4. When were these “spirits in prison” alive? “... in the days of Noah, while the ark was a preparing.” Why does Peter refer to the people living during the time of Noah as being “spirits in prison”? Throughout Scripture we find this terminology to describe those who are captive to sin. David once said, “Bring my soul out of prison, that I may praise thy name” (Psalm 142:7). Notice that David’s soul was in prison while he was still physically alive. In the book of Isaiah, God calls the Gentiles (non-believers) “prisoners” because they sit in spiritual darkness:
“I the LORD have called thee [Son/Jesus] in righteousness, and will hold Thine hand, and will keep Thee, and give Thee for a covenant of the people, for a light of the Gentiles; To open the blind eyes, to bring out the prisoners from the prison, and them that sit in darkness out of the prison house.” (Isaiah 42:6, 7; see also Isaiah 61:1)
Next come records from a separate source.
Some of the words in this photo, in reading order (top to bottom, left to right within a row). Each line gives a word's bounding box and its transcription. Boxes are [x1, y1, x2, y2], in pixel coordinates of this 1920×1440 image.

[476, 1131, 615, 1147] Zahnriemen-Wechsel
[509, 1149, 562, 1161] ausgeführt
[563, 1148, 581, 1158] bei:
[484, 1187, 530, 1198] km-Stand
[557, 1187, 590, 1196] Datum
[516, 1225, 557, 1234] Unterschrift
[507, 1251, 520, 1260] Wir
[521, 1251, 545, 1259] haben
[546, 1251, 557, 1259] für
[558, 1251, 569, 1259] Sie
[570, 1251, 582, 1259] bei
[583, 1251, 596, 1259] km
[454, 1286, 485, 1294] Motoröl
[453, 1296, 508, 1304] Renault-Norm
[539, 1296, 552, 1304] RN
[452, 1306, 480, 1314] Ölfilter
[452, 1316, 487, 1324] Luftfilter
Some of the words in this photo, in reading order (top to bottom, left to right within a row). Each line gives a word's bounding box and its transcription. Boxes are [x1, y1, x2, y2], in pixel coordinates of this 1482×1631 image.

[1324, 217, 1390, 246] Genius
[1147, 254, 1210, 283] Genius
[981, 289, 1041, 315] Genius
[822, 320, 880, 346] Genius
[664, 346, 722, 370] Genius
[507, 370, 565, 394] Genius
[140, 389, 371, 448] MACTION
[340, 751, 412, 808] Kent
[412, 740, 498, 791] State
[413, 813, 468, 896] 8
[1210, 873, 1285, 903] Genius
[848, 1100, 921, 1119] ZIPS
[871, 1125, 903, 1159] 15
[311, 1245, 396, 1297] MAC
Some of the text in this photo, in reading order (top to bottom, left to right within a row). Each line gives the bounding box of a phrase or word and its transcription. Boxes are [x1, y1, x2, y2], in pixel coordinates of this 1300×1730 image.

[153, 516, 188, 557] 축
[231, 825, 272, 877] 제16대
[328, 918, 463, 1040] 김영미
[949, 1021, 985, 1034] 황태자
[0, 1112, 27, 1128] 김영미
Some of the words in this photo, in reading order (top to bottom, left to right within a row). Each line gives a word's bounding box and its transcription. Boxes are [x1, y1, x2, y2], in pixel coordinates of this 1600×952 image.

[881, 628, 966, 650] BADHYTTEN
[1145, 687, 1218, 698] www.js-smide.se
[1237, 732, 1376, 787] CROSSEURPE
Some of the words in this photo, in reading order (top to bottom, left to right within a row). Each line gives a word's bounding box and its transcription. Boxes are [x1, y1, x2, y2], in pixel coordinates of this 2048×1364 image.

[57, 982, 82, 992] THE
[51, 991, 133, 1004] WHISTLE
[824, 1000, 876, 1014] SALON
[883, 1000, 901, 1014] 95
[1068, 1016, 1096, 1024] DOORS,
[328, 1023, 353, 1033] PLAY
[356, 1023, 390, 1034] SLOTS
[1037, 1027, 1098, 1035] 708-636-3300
Paul referred to himself as one of those captives who was bound in sin when he wrote, “But I see another law in my members, warring against the law of my mind, and bringing me into captivity to the law of sin ...” (Romans 7:23). Jesus once said, “Whosoever committeth sin is the servant of sin … If the Son therefore shall make you free, ye shall be free indeed” (John 8:34, 36). Through Christ we will no longer be prisoners (or servants) of sin. Paul wrote that one of the most amazing promises of the gospel is that God will be “bringing into captivity every thought to the obedience of Christ” (2 Corinthians 10:5).
We must therefore strongly reject the idea that, after His death, Jesus’ spirit went and preached to other spirits bound in some form of purgatory or spirit world. Instead, it was by His Holy Spirit (His very presence) that Jesus, through Noah, preached unto the non-believers (those who were captive in sin and unbelief) to repent and accept their salvation He so freely gives.
Peter says that, during the time of when Christ’s Spirit was ministering through Noah to the “spirits in prison”, only “a few, that is, EIGHT SOULS, were saved by water” (1 Peter 3:20). Again, we see that the word “soul” refers to people who are alive! It was only Noah and his family, eight souls in all, who had faith in God to enter the ark and were saved from the flood. The Greek word for soul here is ψυχή (psuché) which can also mean “breath”, “spirit” or, “life” just like the word pneuma in verse 19 where Peter speaks of the “spirits” in prison. Therefore, we must conclude that, since the word “souls” in verse 20 refers to people who were alive, then the word “spirits” in verse 19 must also refer to people who were alive.